The harness uses random tokens, not real data. A real pretrain reads from a sharded TFRecord / WebDataset / Megatron-LM .bin file; the data path can absolutely be the bottleneck on a single-GPU system if you don’t pre-shard, pre-tokenize, and prefetch. Article A3 (nemo-curator-training-data-prep, upcoming) measures that envelope; this article isolates the model envelope from the data path on purpose.
One Python try/except cleanup-between-configs trick worth knowing. Between configs the harness has to release the prior model + optimizer + activations, otherwise the next config’s build_model() fails with a fragmented allocator. The fix is gc.collect() followed by torch.cuda.empty_cache() in a finally block — covered by every PyTorch sweep tutorial, easy to forget.

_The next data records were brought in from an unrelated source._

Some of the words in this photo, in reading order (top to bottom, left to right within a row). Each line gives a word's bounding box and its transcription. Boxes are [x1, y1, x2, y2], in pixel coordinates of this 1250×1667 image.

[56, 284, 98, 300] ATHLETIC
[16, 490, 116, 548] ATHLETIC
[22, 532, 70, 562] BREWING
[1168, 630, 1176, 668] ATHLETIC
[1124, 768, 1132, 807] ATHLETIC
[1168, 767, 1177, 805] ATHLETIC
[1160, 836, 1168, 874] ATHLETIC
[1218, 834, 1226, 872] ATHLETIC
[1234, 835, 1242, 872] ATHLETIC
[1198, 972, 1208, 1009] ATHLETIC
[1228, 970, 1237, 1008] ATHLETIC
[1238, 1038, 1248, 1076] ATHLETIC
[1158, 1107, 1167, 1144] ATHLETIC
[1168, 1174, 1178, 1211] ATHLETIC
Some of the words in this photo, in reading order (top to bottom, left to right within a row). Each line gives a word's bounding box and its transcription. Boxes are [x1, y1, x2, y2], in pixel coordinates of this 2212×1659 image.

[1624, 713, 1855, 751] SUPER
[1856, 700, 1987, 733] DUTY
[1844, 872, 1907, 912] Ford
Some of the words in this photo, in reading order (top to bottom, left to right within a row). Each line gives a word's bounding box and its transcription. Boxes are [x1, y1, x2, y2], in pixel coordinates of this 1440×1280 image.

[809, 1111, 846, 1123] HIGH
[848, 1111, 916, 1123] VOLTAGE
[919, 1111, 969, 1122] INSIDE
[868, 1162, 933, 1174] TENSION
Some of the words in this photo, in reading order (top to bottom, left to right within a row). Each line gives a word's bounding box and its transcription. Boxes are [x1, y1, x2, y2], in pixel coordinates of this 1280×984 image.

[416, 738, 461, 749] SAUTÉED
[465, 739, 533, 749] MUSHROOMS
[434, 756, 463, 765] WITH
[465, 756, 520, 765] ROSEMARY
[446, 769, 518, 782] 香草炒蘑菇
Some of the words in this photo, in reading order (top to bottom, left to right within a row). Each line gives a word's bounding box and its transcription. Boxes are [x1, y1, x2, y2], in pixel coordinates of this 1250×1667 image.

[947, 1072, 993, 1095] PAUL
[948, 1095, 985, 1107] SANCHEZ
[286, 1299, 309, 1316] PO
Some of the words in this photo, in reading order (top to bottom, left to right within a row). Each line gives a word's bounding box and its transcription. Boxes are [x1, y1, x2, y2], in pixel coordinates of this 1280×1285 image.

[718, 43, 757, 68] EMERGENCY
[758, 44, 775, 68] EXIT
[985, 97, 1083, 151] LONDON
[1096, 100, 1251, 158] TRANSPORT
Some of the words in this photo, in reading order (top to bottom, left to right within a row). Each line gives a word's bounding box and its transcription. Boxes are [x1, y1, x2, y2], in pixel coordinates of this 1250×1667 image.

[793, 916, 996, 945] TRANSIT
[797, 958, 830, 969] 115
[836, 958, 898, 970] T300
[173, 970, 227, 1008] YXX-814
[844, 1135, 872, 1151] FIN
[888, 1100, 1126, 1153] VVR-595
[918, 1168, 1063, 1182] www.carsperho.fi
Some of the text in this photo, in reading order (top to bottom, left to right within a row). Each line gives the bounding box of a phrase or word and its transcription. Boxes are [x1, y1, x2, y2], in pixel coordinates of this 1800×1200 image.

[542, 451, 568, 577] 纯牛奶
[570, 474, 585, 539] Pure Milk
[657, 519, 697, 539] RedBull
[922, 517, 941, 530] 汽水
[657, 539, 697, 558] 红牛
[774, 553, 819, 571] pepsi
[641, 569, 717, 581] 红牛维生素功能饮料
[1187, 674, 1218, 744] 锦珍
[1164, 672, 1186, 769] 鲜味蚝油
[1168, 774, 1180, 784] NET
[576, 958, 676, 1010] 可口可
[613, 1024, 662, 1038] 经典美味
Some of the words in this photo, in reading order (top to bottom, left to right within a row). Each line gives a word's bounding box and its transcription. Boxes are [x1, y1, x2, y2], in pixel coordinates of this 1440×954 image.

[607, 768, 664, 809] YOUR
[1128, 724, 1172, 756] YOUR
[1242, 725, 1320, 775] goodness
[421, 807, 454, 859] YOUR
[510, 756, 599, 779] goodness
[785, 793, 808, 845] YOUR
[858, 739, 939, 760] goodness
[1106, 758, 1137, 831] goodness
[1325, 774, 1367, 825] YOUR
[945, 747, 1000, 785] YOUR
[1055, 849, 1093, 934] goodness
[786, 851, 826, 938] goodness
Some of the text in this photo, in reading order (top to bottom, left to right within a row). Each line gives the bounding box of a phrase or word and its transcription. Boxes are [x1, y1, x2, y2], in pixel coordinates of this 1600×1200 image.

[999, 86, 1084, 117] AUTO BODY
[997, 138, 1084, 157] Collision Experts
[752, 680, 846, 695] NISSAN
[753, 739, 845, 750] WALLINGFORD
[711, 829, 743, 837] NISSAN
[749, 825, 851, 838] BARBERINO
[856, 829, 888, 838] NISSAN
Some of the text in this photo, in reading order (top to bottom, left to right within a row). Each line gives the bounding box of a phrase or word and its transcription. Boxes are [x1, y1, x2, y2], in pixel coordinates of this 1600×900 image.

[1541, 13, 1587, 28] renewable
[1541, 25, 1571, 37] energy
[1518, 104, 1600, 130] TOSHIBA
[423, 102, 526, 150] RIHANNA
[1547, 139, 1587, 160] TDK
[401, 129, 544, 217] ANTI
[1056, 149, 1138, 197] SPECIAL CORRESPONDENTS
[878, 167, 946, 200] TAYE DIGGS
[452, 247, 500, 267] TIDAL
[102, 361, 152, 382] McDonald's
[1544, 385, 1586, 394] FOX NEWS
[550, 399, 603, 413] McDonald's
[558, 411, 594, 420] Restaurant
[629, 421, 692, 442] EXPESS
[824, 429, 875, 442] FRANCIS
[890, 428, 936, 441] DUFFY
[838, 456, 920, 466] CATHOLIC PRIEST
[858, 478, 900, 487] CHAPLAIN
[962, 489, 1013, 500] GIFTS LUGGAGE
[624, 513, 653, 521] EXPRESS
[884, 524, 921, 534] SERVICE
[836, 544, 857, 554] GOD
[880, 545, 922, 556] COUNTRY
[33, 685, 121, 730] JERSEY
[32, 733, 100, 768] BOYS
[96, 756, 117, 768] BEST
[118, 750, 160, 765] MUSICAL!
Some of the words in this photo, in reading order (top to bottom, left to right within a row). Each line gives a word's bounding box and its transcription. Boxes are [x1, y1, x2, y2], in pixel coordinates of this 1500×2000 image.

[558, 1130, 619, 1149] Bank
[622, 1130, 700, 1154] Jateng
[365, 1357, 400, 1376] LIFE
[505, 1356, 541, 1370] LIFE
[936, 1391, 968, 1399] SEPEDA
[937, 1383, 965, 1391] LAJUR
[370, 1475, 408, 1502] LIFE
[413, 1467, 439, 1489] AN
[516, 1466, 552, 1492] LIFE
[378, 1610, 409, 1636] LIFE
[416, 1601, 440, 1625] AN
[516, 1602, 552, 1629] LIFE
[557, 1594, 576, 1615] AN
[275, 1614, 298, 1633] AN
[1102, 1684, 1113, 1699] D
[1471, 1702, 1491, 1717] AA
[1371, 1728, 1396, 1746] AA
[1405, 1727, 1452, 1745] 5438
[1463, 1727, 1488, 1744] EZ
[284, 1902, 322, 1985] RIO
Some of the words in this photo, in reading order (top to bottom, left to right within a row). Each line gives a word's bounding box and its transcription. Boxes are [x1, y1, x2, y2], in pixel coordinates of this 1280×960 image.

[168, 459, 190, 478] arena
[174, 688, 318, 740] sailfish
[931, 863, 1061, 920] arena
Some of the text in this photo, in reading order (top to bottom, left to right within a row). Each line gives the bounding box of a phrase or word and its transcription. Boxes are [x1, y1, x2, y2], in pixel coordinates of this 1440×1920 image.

The dir()-walking dead-code in the harness is a deliberate empty stub for “if you ever need explicit del calls, here’s where they go.” Currently the implicit Python frame teardown is enough.
Single-GPU is the conservative case for NeMo’s value pitch — restated. Every parallelism axis is 1 on the GB10; the 17.7% headroom over vanilla PyTorch is the floor of what NeMo’s substrate earns. On a multi-GPU box that headroom would compound with TP / PP / SP scaling that vanilla PyTorch doesn’t ship at all. Worth saying explicitly because at first read the 17.7% might look small relative to the 70 GiB container that ships it.
What this unlocks
1. The Autoresearch agent’s per-iteration budget is now a number. A 5-minute training step at the peak config gives the agent ~4.3 M tokens of forward-backward-update bandwidth per experiment. 100 experiments overnight ≈ 430 M tokens of compute spent. That’s the “what can the agent actually try?” math A4 will lean on.
2. A 354M-class model can be pretrained-from-scratch on one Spark in well under a week. Chinchilla-optimal for 354M is roughly 20× the parameter count in tokens — 7.1 B tokens. At 14.3K tok/s × 86,400 s/day = 1.24 B tokens/day. Six days of wall time for a Chinchilla-optimal pretrain on one machine, ~$0.27 of electricity per day at average US residential rates. That’s not a serious research model, but it’s a serious learning project — and “you can do this without a cloud account” is what the Spark uniquely earns.
3. The hardware envelope informs the architecture envelope. When you know the GB10 holds 49 GiB at batch=16 × seq=2048 × bf16 with ~80 GiB of headroom remaining, you can confidently scale to a 1B-class model at modest batch on the same machine without a sweep. Memory-per-token is roughly architecture-invariant for transformer-family models; throughput-per-step scales with parameter count. That math is the foundation A2 hands forward to A3 and A4.
State of the apps — as of A2
Autoresearch now: has a driver (NIM 8B, from F1), an experiment substrate (NeMo Framework, from A1), and a measured throughput envelope (this article — 14.3K tok/s peak on 354M, ~50 GiB peak memory at the largest stable config). The agent loop itself (A4) is still upcoming. Second Brain now: unchanged since S4 (mcp-second-brain-in-claude-code, №15) — RAG-over-MCP shipped. LLM Wiki now: un-opened — W1 (wiki-schema-and-llm-bookkeeper) is the next decision point. Next up in Autoresearch: A3 — nemo-curator-training-data-prep (the data-path envelope to complement this kernel envelope), or jump to A4 — autoresearch-agent-loop if the user wants to skip data prep and synthesize an agent on top of the random-token harness.
The full sweep is preserved at evidence/sweep_results.json. The harness is at evidence/sweep.py — copy it, change the axes, sweep your own model. The interesting sweep on a 354M model is the one above; the interesting sweep on your model is the one you haven’t run yet.